Increasing Customer Base in Metaverse Demands Trademark Validation

 “Metaverse’  became the talk of the town during the post COVID era in expanding businesses online. As the Metaverse appeals to the tech-savvy younger generation, several brands have decided to launch their products to acquire a customer base and advertise them virtually through the Metaverse. Although there is still some doubt about the Metaverse, the race to protect intellectual property rights is already well underway. It wouldn’t be overstating things to say that, in a few years, the Metaverse Trademark registration might impact how we safeguard and uphold intellectual property rights.


Does Indian trademark law protect Metaverse? 

The Metaverse, in short, combines augmented reality and virtual reality with blockchain technology and digital media concepts to create a 3D virtual world that allows for the creation of social connections and imitates user interaction in the real world, which is one of the famous and preferred channels of expanding the business.

The Indian stakeholders observed that the brands are racing to obtain trademark rights in the Metaverse. Several parties have already received statutory rights on the stand-alone term “METAVERSE” in several classes, according to a database published by the Indian Trade Marks Registry’s (“Registry”) online database. 

Additionally, several Metaverse-related marks and artwork with the word Metaverse in it have been registered across classes. In addition to these, numerous METAVERSE-formative mark applications are in various stages of prosecution. Therefore, it appears that parties in India are vying for statutory rights to the term “METAVERSE” and METAVERSE-formative marks for all goods and services.

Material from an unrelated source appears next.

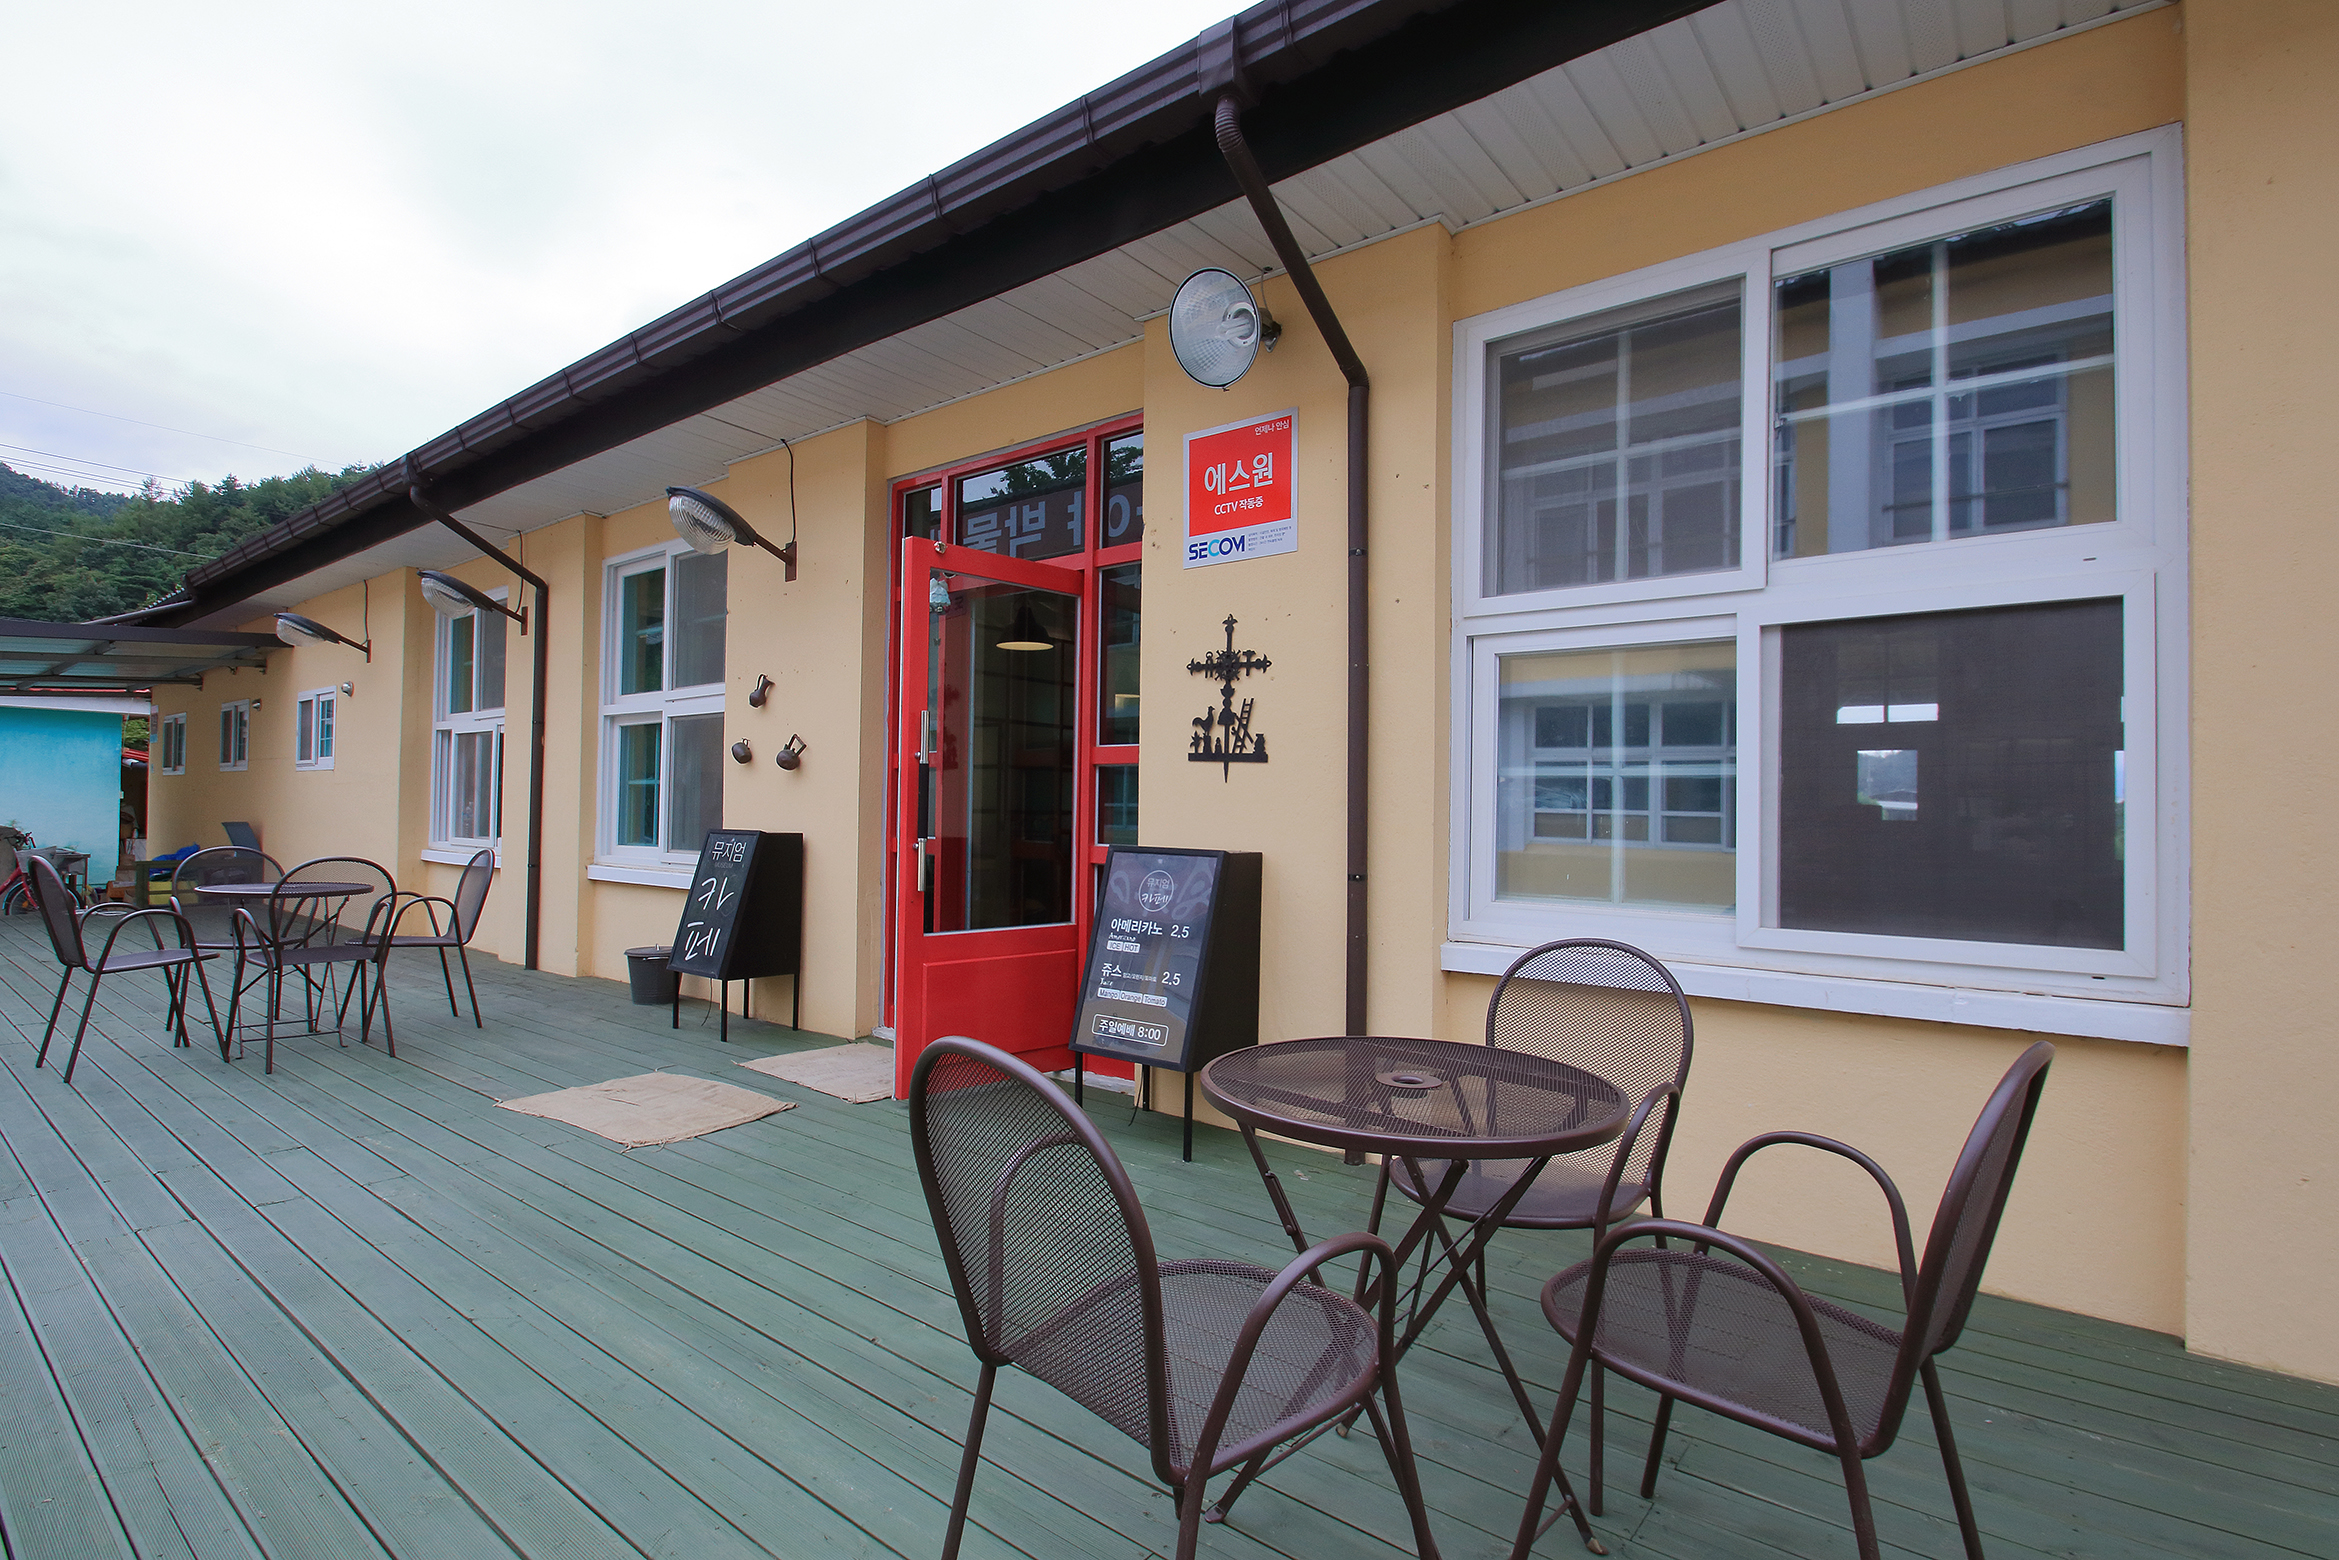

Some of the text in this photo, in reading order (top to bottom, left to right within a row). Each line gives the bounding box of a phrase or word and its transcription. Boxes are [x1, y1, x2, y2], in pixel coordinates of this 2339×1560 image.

The good part is the Registry has been issuing such trademark registration without giving Section 9(1)(c) of the Trade Marks Act, 1999, proper consideration, which reads as follows:

The trademarks, which consist exclusively of marks or indications which have become customary in the current language or the bona fide and established practices of the trade, shall not be registered.

A trademark cannot be registered under this section if it contains words that have entered common usage. It needs to be clarified why registrations are granted for the same identifier of a concept ain the first place, given that the Metaverse has captured the world’s attention and is an idea similar to Non-Fungible Tokens, Block Chain, Cryptocurrency, etc.


What has been the trademark registration in Metaverse under Indian trademark law?

Though there is a provision for trademark registration, India has not filed any metaverse applications to date. Such filings would protect trademarks for use in the Metaverse. So far, more than ten jurisdictions have granted registration of trademarks for goods and services. However, numerous entities recently submitted metaverse trademark applications. One of the earliest Metaverse-related registrations in India, for instance, falls under Class 9. This is a most-used class that covers “data processing equipment and computers, computer programs, downloadable virtual goods, namely, computer programs featuring footwear, clothing, headwear, eyewear, bags, sports bags, backpacks, sports equipment, art, toys, and accessories for use online and in online virtual worlds.”

There is a fine line in classifying goods/services in Metaverse from the real world. While some brands have filed applications based on elements related to the Metaverse, many businesses are still left behind. The issue is determining how to categorize their Metaverse-related goods and services under the NICE Classification. Regarding this, Indian courts have not passed any opinion. On the other hand, the European Union Intellectual Property Office (“EUIPO”), reported an increasing number of metaverse trademark filings. EUIPO also suggested practice tips on classifying goods and services while filing such applications. 

Sophisticated and precise categorization of goods and services is necessary. It may become the deciding factor in determining parties’ rights in the Metaverse in trade mark disputes. To protect their rights, applicants must fully understand the criteria. That include Metaverse’s components, economics, and definition of virtual goods and services before submitting trade mark applications. 

Several Indian companies have actively used their trademarks in the Metaverse and sought statutory rights to protect them. For instance, the film industry uses Metaverse to promote films such as Radhe Shyam and KGF. Similar to this, well-known FMCG companies like McCain Foods and TATA Tea have organized Metaverse events as marketing tools. This is to publicize their upcoming products to a tech-savvy generation. Due to such use, common law rights extended for Metaverse regulation.